### TASK STATEMENT
Set down the entries below exactly as written.

== RECORDS FOR PROCESSING ==

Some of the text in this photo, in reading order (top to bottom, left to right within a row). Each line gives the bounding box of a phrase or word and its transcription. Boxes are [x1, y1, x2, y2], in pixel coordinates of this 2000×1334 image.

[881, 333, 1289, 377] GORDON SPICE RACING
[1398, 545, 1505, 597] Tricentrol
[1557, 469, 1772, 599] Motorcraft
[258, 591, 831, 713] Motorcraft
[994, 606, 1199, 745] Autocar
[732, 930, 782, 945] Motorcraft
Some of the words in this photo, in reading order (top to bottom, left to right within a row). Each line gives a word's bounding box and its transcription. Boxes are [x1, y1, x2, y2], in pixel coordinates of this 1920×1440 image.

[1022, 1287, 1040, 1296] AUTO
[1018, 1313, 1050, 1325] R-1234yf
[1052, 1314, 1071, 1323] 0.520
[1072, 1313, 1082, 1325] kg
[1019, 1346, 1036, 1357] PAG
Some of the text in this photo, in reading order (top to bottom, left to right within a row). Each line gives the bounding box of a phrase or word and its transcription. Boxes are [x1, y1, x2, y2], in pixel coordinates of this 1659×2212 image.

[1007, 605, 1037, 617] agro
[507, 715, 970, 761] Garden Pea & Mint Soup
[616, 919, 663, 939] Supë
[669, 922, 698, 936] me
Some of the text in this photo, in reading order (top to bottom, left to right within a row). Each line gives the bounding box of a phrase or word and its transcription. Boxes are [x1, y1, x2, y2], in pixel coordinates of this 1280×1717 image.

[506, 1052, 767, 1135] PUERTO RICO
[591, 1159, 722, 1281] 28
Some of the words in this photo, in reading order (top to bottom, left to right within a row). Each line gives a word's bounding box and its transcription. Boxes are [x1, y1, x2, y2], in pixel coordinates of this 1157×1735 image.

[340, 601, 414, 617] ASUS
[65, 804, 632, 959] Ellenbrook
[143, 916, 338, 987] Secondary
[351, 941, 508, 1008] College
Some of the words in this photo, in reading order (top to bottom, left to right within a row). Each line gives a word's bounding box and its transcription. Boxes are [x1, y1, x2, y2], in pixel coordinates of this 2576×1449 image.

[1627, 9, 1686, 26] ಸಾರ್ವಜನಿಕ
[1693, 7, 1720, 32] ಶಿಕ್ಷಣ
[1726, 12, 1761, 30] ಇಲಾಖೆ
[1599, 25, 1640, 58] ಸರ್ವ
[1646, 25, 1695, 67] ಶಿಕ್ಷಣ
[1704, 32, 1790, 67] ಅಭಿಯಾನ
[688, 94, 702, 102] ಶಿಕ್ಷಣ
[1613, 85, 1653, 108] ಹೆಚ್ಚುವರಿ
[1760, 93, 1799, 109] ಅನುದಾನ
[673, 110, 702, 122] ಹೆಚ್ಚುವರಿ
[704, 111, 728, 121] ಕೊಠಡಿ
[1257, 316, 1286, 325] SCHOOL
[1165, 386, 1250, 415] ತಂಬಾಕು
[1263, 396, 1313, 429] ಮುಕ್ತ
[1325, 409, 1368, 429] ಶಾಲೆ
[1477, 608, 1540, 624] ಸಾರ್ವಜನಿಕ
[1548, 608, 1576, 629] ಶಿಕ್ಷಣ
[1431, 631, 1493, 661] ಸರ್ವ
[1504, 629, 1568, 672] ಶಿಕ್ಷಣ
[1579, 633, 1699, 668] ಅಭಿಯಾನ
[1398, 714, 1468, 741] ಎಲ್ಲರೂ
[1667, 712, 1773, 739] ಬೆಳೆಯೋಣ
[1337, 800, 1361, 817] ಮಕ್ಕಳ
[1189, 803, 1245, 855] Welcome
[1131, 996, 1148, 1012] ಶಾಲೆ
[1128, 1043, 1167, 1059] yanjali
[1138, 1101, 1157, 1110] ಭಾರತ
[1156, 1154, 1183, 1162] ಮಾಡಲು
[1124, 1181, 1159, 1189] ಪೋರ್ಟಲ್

===

### FINAL ANSWER
Some of the text in this photo, in reading order (top to bottom, left to right within a row). Each line gives the bounding box of a phrase or word and its transcription. Boxes are [x1, y1, x2, y2], in pixel coordinates of this 2000×1334 image.

[881, 333, 1289, 377] GORDON SPICE RACING
[1398, 545, 1505, 597] Tricentrol
[1557, 469, 1772, 599] Motorcraft
[258, 591, 831, 713] Motorcraft
[994, 606, 1199, 745] Autocar
[732, 930, 782, 945] Motorcraft
Some of the words in this photo, in reading order (top to bottom, left to right within a row). Each line gives a word's bounding box and its transcription. Boxes are [x1, y1, x2, y2], in pixel coordinates of this 1920×1440 image.

[1022, 1287, 1040, 1296] AUTO
[1018, 1313, 1050, 1325] R-1234yf
[1052, 1314, 1071, 1323] 0.520
[1072, 1313, 1082, 1325] kg
[1019, 1346, 1036, 1357] PAG
Some of the text in this photo, in reading order (top to bottom, left to right within a row). Each line gives the bounding box of a phrase or word and its transcription. Boxes are [x1, y1, x2, y2], in pixel coordinates of this 1659×2212 image.

[1007, 605, 1037, 617] agro
[507, 715, 970, 761] Garden Pea & Mint Soup
[616, 919, 663, 939] Supë
[669, 922, 698, 936] me
Some of the text in this photo, in reading order (top to bottom, left to right within a row). Each line gives the bounding box of a phrase or word and its transcription. Boxes are [x1, y1, x2, y2], in pixel coordinates of this 1280×1717 image.

[506, 1052, 767, 1135] PUERTO RICO
[591, 1159, 722, 1281] 28
Some of the words in this photo, in reading order (top to bottom, left to right within a row). Each line gives a word's bounding box and its transcription. Boxes are [x1, y1, x2, y2], in pixel coordinates of this 1157×1735 image.

[340, 601, 414, 617] ASUS
[65, 804, 632, 959] Ellenbrook
[143, 916, 338, 987] Secondary
[351, 941, 508, 1008] College
Some of the words in this photo, in reading order (top to bottom, left to right within a row). Each line gives a word's bounding box and its transcription. Boxes are [x1, y1, x2, y2], in pixel coordinates of this 2576×1449 image.

[1627, 9, 1686, 26] ಸಾರ್ವಜನಿಕ
[1693, 7, 1720, 32] ಶಿಕ್ಷಣ
[1726, 12, 1761, 30] ಇಲಾಖೆ
[1599, 25, 1640, 58] ಸರ್ವ
[1646, 25, 1695, 67] ಶಿಕ್ಷಣ
[1704, 32, 1790, 67] ಅಭಿಯಾನ
[688, 94, 702, 102] ಶಿಕ್ಷಣ
[1613, 85, 1653, 108] ಹೆಚ್ಚುವರಿ
[1760, 93, 1799, 109] ಅನುದಾನ
[673, 110, 702, 122] ಹೆಚ್ಚುವರಿ
[704, 111, 728, 121] ಕೊಠಡಿ
[1257, 316, 1286, 325] SCHOOL
[1165, 386, 1250, 415] ತಂಬಾಕು
[1263, 396, 1313, 429] ಮುಕ್ತ
[1325, 409, 1368, 429] ಶಾಲೆ
[1477, 608, 1540, 624] ಸಾರ್ವಜನಿಕ
[1548, 608, 1576, 629] ಶಿಕ್ಷಣ
[1431, 631, 1493, 661] ಸರ್ವ
[1504, 629, 1568, 672] ಶಿಕ್ಷಣ
[1579, 633, 1699, 668] ಅಭಿಯಾನ
[1398, 714, 1468, 741] ಎಲ್ಲರೂ
[1667, 712, 1773, 739] ಬೆಳೆಯೋಣ
[1337, 800, 1361, 817] ಮಕ್ಕಳ
[1189, 803, 1245, 855] Welcome
[1131, 996, 1148, 1012] ಶಾಲೆ
[1128, 1043, 1167, 1059] yanjali
[1138, 1101, 1157, 1110] ಭಾರತ
[1156, 1154, 1183, 1162] ಮಾಡಲು
[1124, 1181, 1159, 1189] ಪೋರ್ಟಲ್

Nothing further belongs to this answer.